The song and dance of mating in Aedes aegypti mosquitoes

New research uses high-speed videography and sound recordings to investigate the hidden world of mating in the yellow fever mosquito, revealing the importance of female choice and acoustic signalling in determining mating success.

Mosquitoes are responsible for the transmission of a multitude of deadly pathogens that affect the lives and livelihoods of millions of people across the world each year. Due to the limited availability of specific vaccines and preventative medications for many of these diseases, vector control is often seen as the most effective way to reduce their spread. For the yellow fever mosquito, Aedes aegypti (the main vector of dengue, chikungunya, and Zika viruses), strategies based on the mass release of sterile and transgenic males to suppress local populations or make them refractory to viral infection are now at advanced stages of development and deployment. Fundamentally, these programs rely on modified males competing for, and mating with, wild females in the target population. Knowledge of mosquito mating ecology therefore has the potential to improve the effectiveness of such control methods.

Mosquito mating has traditionally been a difficult phenomenon to study. In Aedes aegypti, it usually takes place in small, male-dominated swarms, nearby a blood-meal host. Males detect incoming females via the sounds produced by their beating wings, and following a fast-paced, mid-air pursuit, attempt to seize and mate with them. The likelihood of success for any given mating attempt is known to be quite low; females deter males by evading them in flight, or by kicking them away once contact has been made. But the factors that govern this apparent choice remain somewhat elusive.

Recent evidence suggests that acoustic signalling plays an important role in the mosquito mating process. As mentioned above, males are strongly attracted towards the sound of a female’s wings. When close to one another, this attraction switches to an interaction, as each mosquito shifts their wingbeat in response to that of the other. In some pairs this results in an overlap of flight tones at frequencies above the dominant audible fundamental, recognisable as the all-too-familiar irritating buzz that many readers will have had the misfortune of experiencing! This frequency matching, commonly referred to as “harmonic convergence”, has been associated with increased mating success, yet it is unclear how it fits into the overall mating sequence.

The behavioural steps involved in Aedes aegypti mating. Adapted from: https://www.nature.com/articles/s41598-019-38599-3

In our recent paper, we captured individual mating interactions between pairs of Aedes aegypti using synchronised high-speed video and sound recordings. Our goal here was simple: to create a detailed map of the mating process, integrating behavioural and acoustic features, in order to compare successful and unsuccessful mating attempts. We used manual visual processing to score and time certain behaviours, such as kicks and bodily reorientations. We then used advanced signal extraction techniques to derive high-quality sound data from the male and female wingbeats, overlaying this information onto our timeline of behavioural events.

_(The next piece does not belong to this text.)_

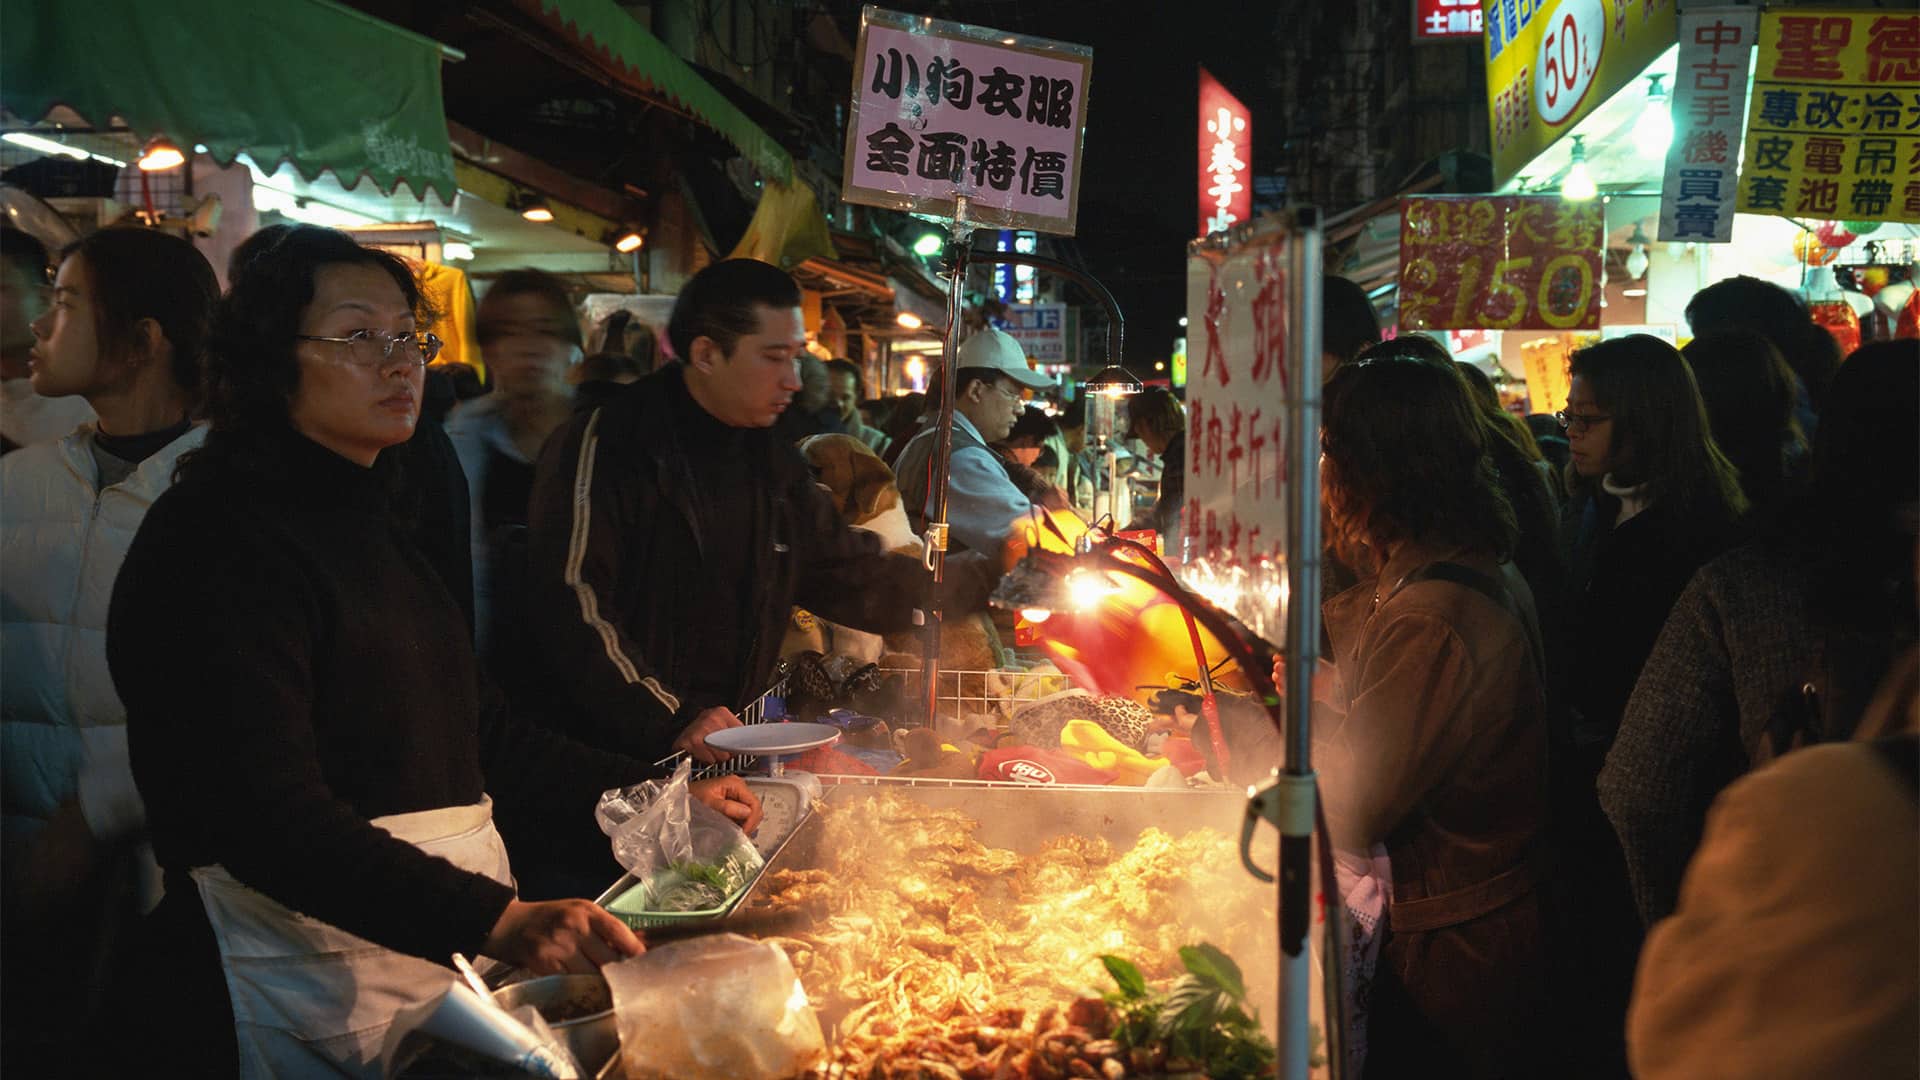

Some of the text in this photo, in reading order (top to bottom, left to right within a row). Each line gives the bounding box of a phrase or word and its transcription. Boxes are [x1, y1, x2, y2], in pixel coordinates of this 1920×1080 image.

[871, 47, 1074, 130] 小狗衣服
[1674, 19, 1742, 239] 中古手機買賣
[865, 122, 1068, 201] 全面特價

We found that mating in Aedes aegypti follows a highly repeatable pathway that takes place over a matter of seconds. After making contact with a female by lunging at her with his legs, a male would then immediately crawl to her front, before securing his grip and adopting the “venter-to-venter” position, the final pre-requisite to copulation.

An acoustic interaction between a successful mating pair, showing wingbeat frequencies of the male and female as a function of time. Bottom figures highlight both Rapid Frequency Modulation and Harmonic Convergence phases of the interaction. Adapted from : https://www.nature.com/articles/s41598-019-38599-3.

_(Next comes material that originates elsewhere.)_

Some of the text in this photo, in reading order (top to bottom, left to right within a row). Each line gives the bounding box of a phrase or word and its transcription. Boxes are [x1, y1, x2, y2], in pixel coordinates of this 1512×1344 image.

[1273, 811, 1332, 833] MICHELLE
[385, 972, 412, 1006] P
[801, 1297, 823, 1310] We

Most mating attempts resulted in failure, which typically occurred in one of two ways. Firstly, early in the interaction, males were displaced by female kicks, which were delivered at high intensity during this period. Secondly—for those males that were able to hang on—females would often simply stop flying, leading to a breakdown of the attempt, but only before the venter-to-venter position had been adopted. Importantly, successful males were kicked at a reduced rate and were able to sustain paired flight for longer than those that were rejected.